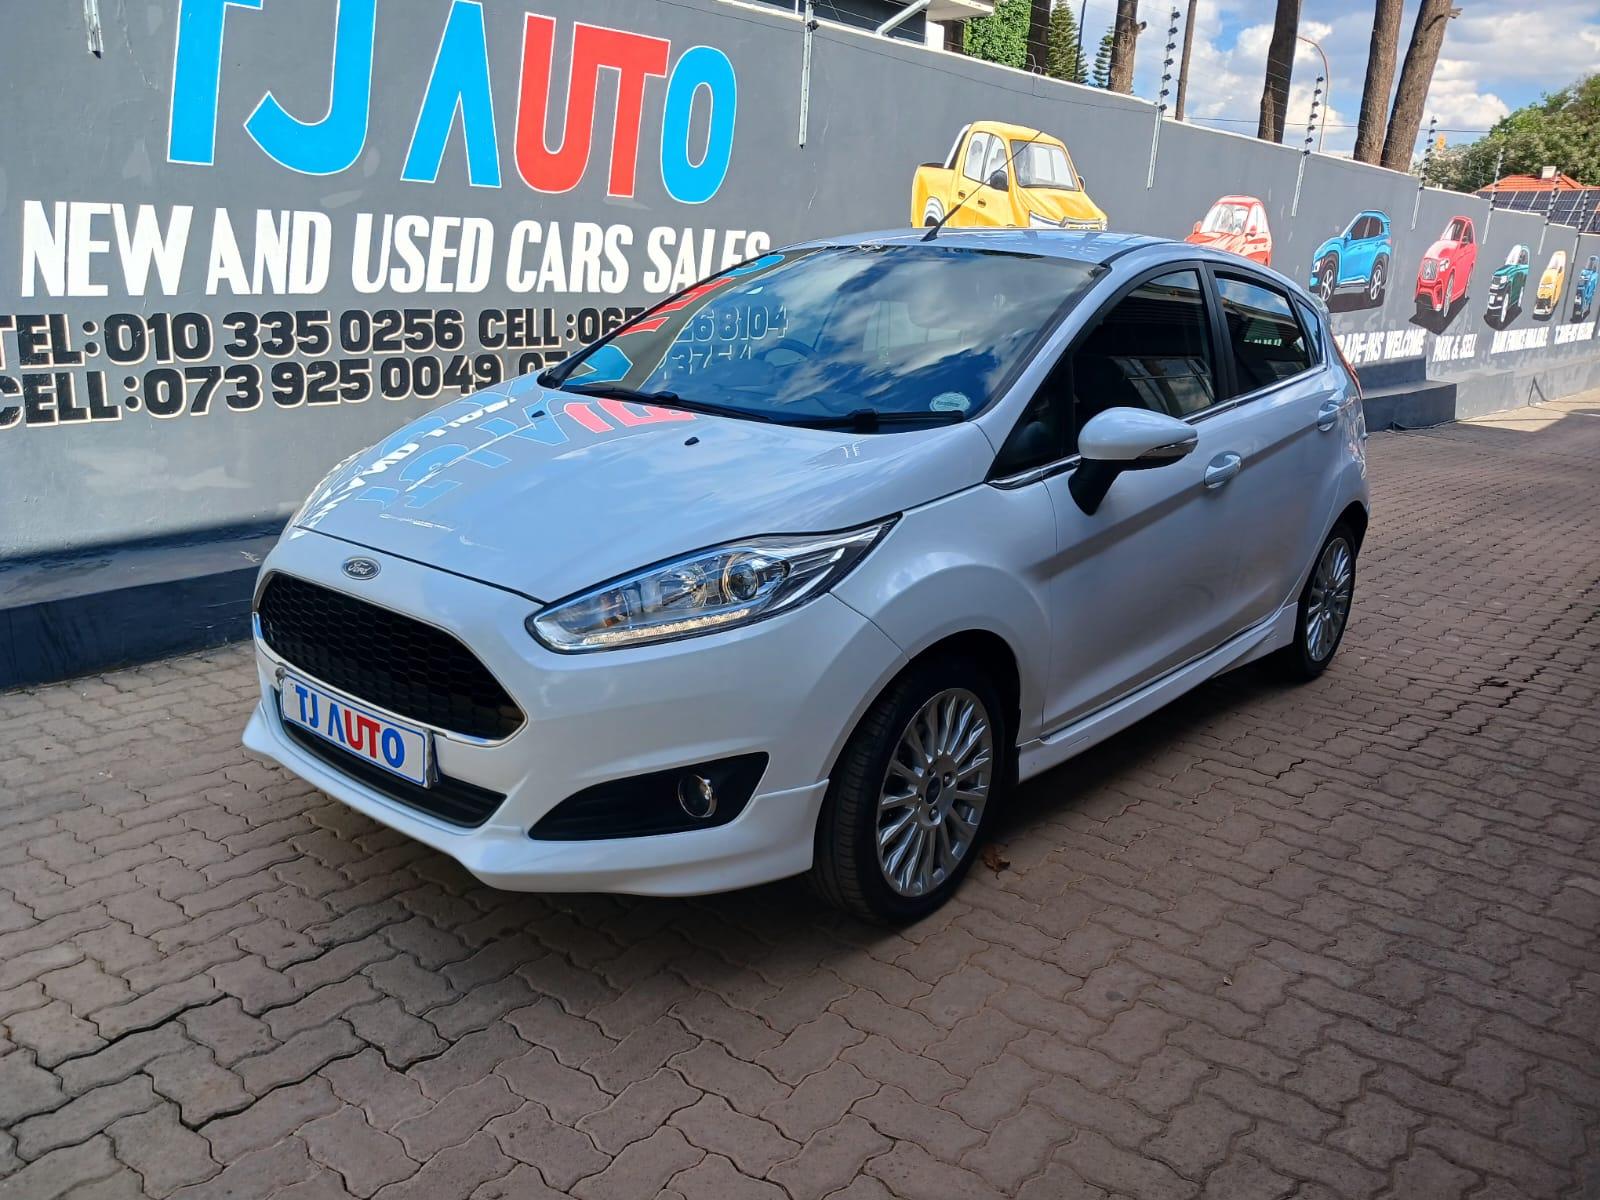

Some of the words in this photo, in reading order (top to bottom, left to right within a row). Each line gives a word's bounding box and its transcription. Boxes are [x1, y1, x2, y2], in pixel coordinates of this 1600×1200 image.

[166, 0, 377, 176] TJ
[399, 0, 738, 204] AUTO
[20, 200, 193, 298] NEW
[205, 207, 332, 296] AND
[351, 214, 493, 293] USED
[505, 221, 634, 293] CARS
[222, 310, 331, 361] 335
[339, 308, 465, 355] 0256
[1383, 328, 1427, 360] WELCOME
[1432, 335, 1453, 362] PARK
[1460, 333, 1478, 359] SELL
[270, 357, 373, 409] 925
[380, 353, 505, 400] 0049
[347, 560, 373, 575] Ford
[295, 684, 320, 729] TJ
[327, 703, 405, 769] AUTO
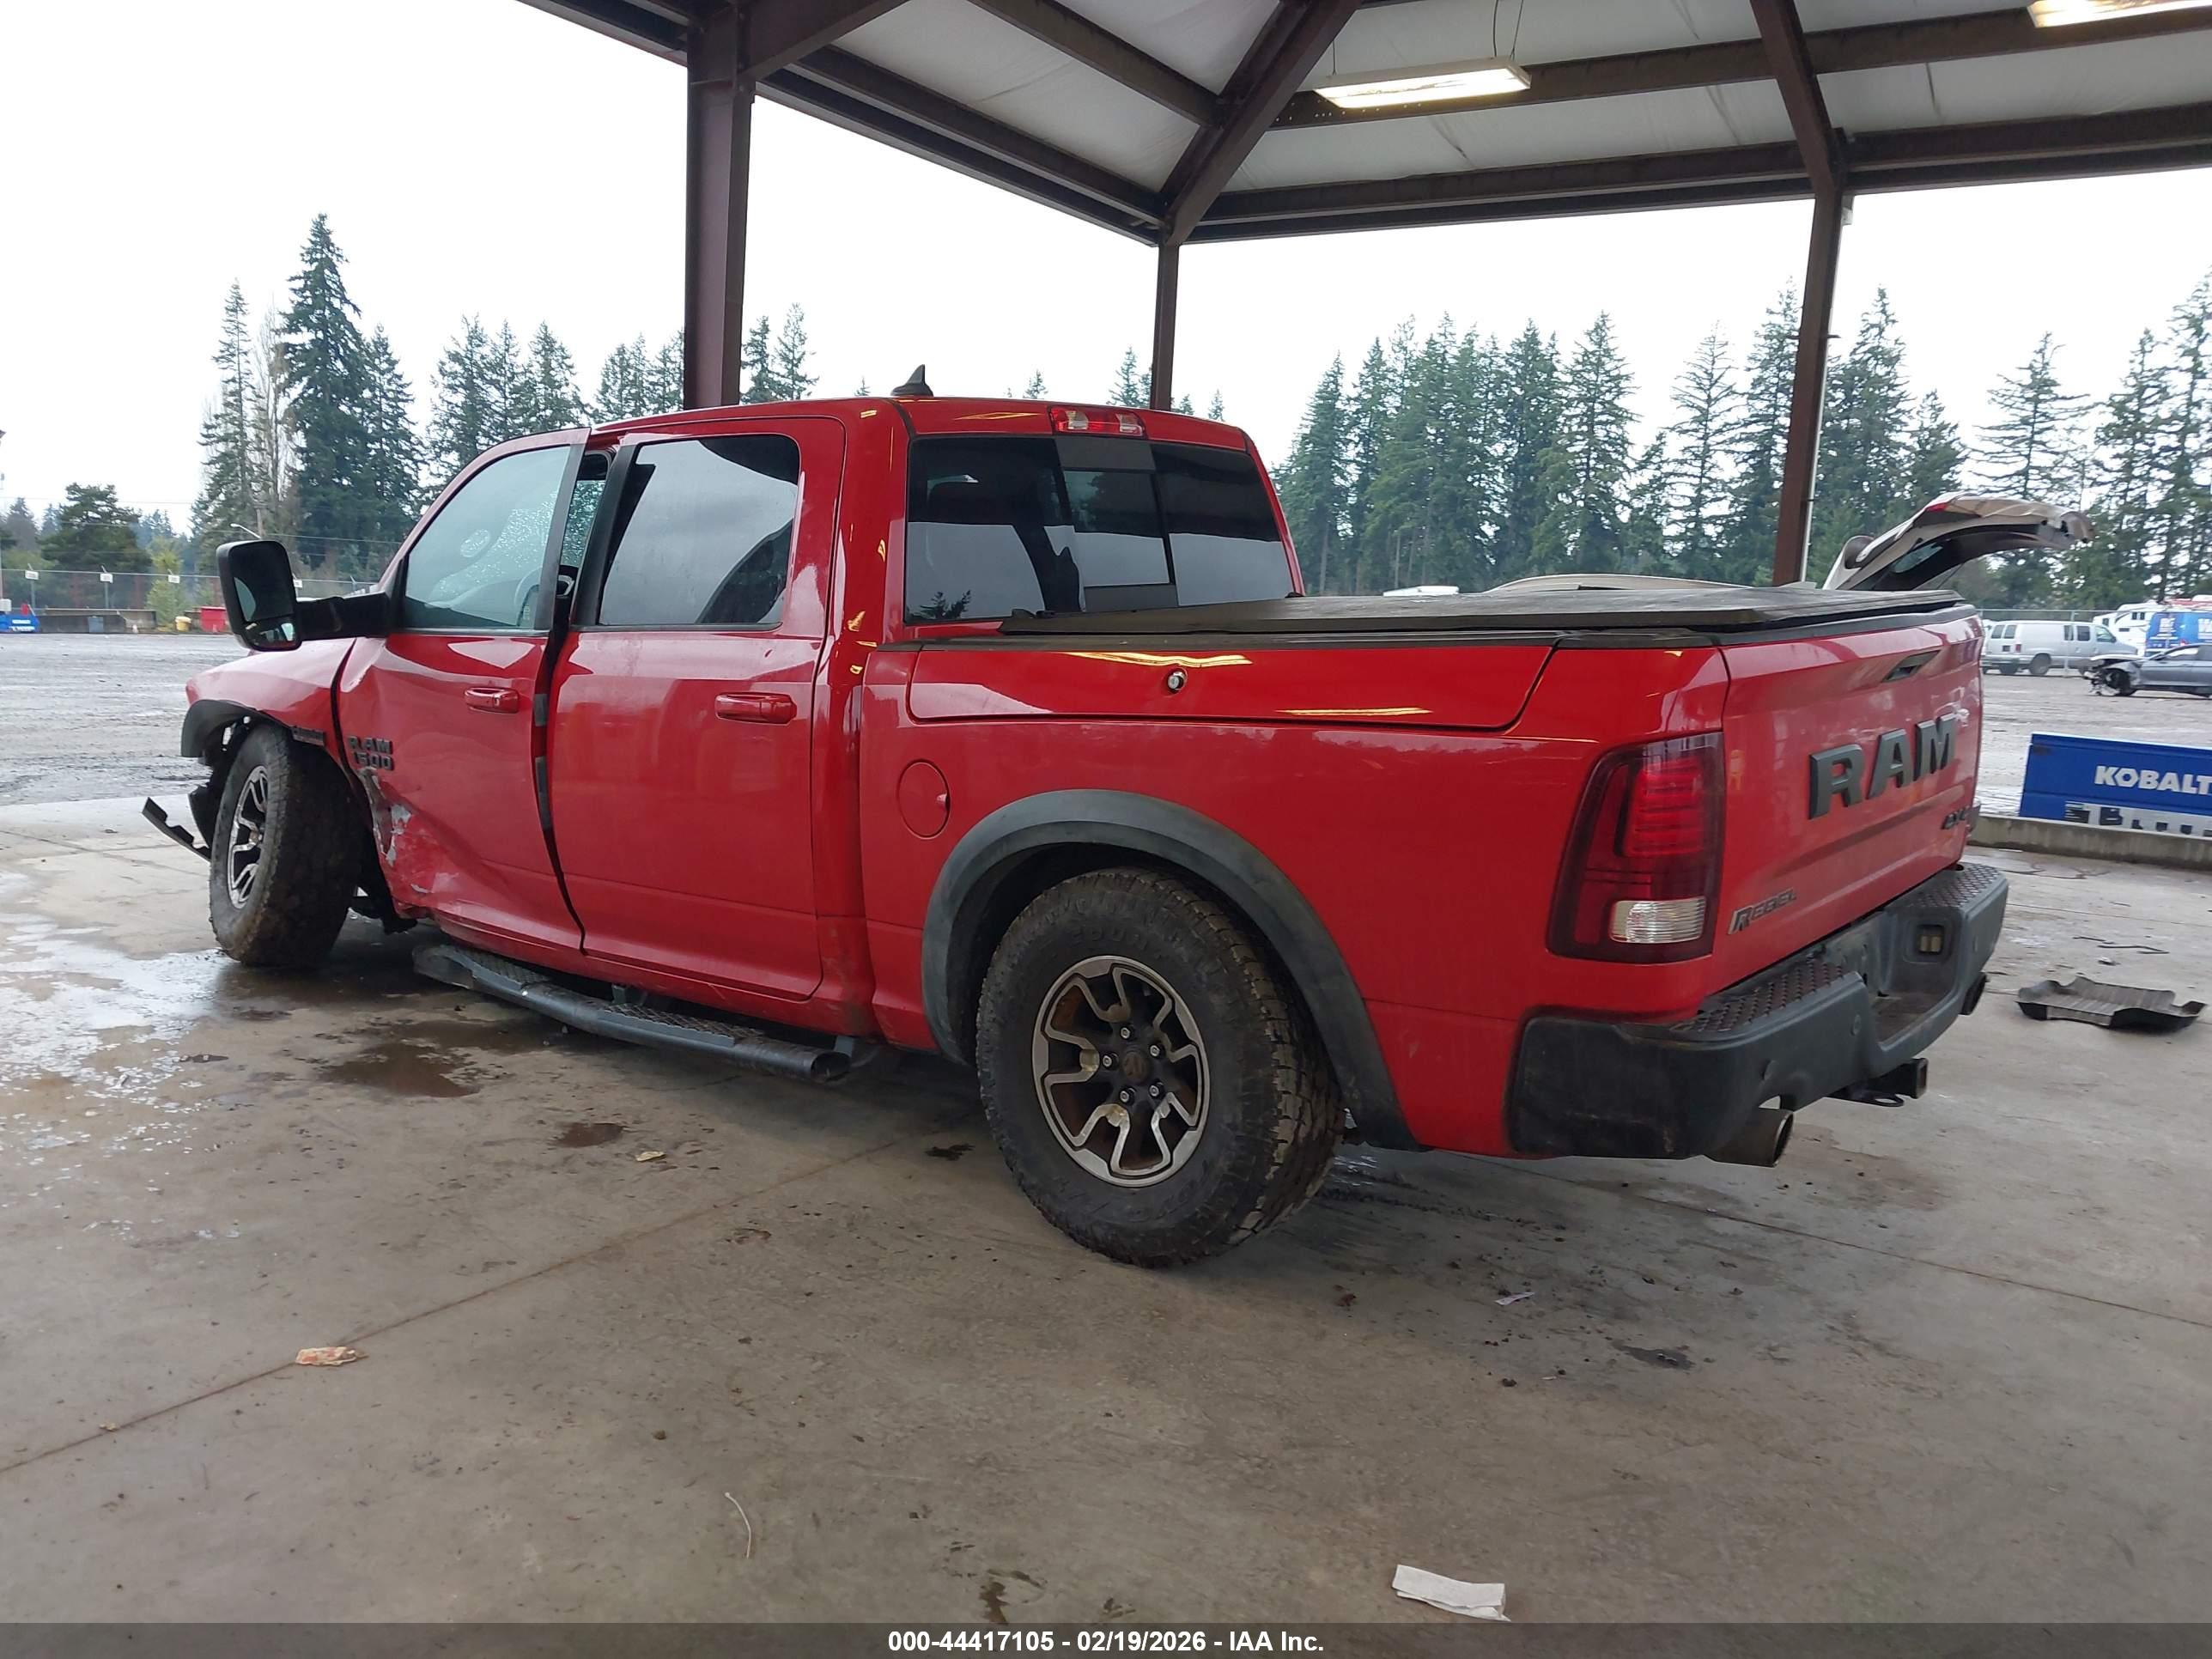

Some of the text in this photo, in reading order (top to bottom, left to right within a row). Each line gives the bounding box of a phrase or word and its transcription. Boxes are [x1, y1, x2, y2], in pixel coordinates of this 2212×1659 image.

[347, 735, 394, 755] RAM
[1808, 714, 1957, 820] RAM
[2094, 765, 2212, 796] KOBALT
------------------------------------------------------------
Problem statement »
The line with "Some of the text" and every line after it up to the end of the entries: output those exactly, and only those.

The completed task »
Some of the text in this photo, in reading order (top to bottom, left to right within a row). Each line gives the bounding box of a phrase or word and its transcription. Boxes are [x1, y1, x2, y2], in pixel coordinates of this 2212×1659 image.

[347, 735, 394, 755] RAM
[1808, 714, 1957, 820] RAM
[2094, 765, 2212, 796] KOBALT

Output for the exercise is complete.